(Beginning of SUPPLIED MATERIAL)

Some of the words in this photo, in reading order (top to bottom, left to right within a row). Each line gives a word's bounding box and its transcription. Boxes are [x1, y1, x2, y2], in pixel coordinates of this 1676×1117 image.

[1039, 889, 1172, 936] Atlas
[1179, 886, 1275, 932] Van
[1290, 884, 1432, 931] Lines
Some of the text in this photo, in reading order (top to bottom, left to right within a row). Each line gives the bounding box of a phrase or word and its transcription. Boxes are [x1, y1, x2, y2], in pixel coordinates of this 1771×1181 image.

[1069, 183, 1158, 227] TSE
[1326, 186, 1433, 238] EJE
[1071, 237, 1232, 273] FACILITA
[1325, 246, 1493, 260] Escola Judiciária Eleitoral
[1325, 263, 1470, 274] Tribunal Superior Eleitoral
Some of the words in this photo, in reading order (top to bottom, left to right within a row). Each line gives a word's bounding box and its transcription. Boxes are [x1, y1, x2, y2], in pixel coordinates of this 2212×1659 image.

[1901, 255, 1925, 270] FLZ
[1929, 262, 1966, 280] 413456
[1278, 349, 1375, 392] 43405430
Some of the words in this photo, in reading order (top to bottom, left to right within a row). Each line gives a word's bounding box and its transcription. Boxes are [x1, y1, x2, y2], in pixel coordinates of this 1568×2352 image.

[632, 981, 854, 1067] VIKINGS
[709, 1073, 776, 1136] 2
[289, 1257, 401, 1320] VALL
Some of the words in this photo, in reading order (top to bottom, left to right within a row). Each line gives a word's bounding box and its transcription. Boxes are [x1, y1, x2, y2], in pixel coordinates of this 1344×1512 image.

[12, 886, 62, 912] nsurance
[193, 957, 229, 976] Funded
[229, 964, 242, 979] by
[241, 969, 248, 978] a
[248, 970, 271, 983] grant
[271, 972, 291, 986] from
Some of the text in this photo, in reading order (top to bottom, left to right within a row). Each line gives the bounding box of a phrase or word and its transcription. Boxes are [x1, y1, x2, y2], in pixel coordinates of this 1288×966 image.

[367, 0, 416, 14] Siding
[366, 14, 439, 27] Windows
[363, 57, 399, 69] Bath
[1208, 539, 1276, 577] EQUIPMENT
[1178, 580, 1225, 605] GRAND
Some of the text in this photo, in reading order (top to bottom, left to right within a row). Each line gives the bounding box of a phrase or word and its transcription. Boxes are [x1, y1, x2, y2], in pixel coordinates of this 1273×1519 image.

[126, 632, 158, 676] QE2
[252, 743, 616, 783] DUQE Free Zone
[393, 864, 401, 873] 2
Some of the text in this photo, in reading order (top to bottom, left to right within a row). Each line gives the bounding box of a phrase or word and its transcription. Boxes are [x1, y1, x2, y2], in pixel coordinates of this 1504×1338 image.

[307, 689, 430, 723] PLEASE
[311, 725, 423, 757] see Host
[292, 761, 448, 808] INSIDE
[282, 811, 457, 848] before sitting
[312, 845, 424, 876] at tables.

(End of SUPPLIED MATERIAL)

WORK REQUIRED
What is needed is an exact copy of all the entries.

RESULT OF THIS EXERCISE
Some of the words in this photo, in reading order (top to bottom, left to right within a row). Each line gives a word's bounding box and its transcription. Boxes are [x1, y1, x2, y2], in pixel coordinates of this 1676×1117 image.

[1039, 889, 1172, 936] Atlas
[1179, 886, 1275, 932] Van
[1290, 884, 1432, 931] Lines
Some of the text in this photo, in reading order (top to bottom, left to right within a row). Each line gives the bounding box of a phrase or word and its transcription. Boxes are [x1, y1, x2, y2], in pixel coordinates of this 1771×1181 image.

[1069, 183, 1158, 227] TSE
[1326, 186, 1433, 238] EJE
[1071, 237, 1232, 273] FACILITA
[1325, 246, 1493, 260] Escola Judiciária Eleitoral
[1325, 263, 1470, 274] Tribunal Superior Eleitoral
Some of the words in this photo, in reading order (top to bottom, left to right within a row). Each line gives a word's bounding box and its transcription. Boxes are [x1, y1, x2, y2], in pixel coordinates of this 2212×1659 image.

[1901, 255, 1925, 270] FLZ
[1929, 262, 1966, 280] 413456
[1278, 349, 1375, 392] 43405430
Some of the words in this photo, in reading order (top to bottom, left to right within a row). Each line gives a word's bounding box and its transcription. Boxes are [x1, y1, x2, y2], in pixel coordinates of this 1568×2352 image.

[632, 981, 854, 1067] VIKINGS
[709, 1073, 776, 1136] 2
[289, 1257, 401, 1320] VALL
Some of the words in this photo, in reading order (top to bottom, left to right within a row). Each line gives a word's bounding box and its transcription. Boxes are [x1, y1, x2, y2], in pixel coordinates of this 1344×1512 image.

[12, 886, 62, 912] nsurance
[193, 957, 229, 976] Funded
[229, 964, 242, 979] by
[241, 969, 248, 978] a
[248, 970, 271, 983] grant
[271, 972, 291, 986] from
Some of the text in this photo, in reading order (top to bottom, left to right within a row). Each line gives the bounding box of a phrase or word and its transcription. Boxes are [x1, y1, x2, y2], in pixel coordinates of this 1288×966 image.

[367, 0, 416, 14] Siding
[366, 14, 439, 27] Windows
[363, 57, 399, 69] Bath
[1208, 539, 1276, 577] EQUIPMENT
[1178, 580, 1225, 605] GRAND
Some of the text in this photo, in reading order (top to bottom, left to right within a row). Each line gives the bounding box of a phrase or word and its transcription. Boxes are [x1, y1, x2, y2], in pixel coordinates of this 1273×1519 image.

[126, 632, 158, 676] QE2
[252, 743, 616, 783] DUQE Free Zone
[393, 864, 401, 873] 2
Some of the text in this photo, in reading order (top to bottom, left to right within a row). Each line gives the bounding box of a phrase or word and its transcription. Boxes are [x1, y1, x2, y2], in pixel coordinates of this 1504×1338 image.

[307, 689, 430, 723] PLEASE
[311, 725, 423, 757] see Host
[292, 761, 448, 808] INSIDE
[282, 811, 457, 848] before sitting
[312, 845, 424, 876] at tables.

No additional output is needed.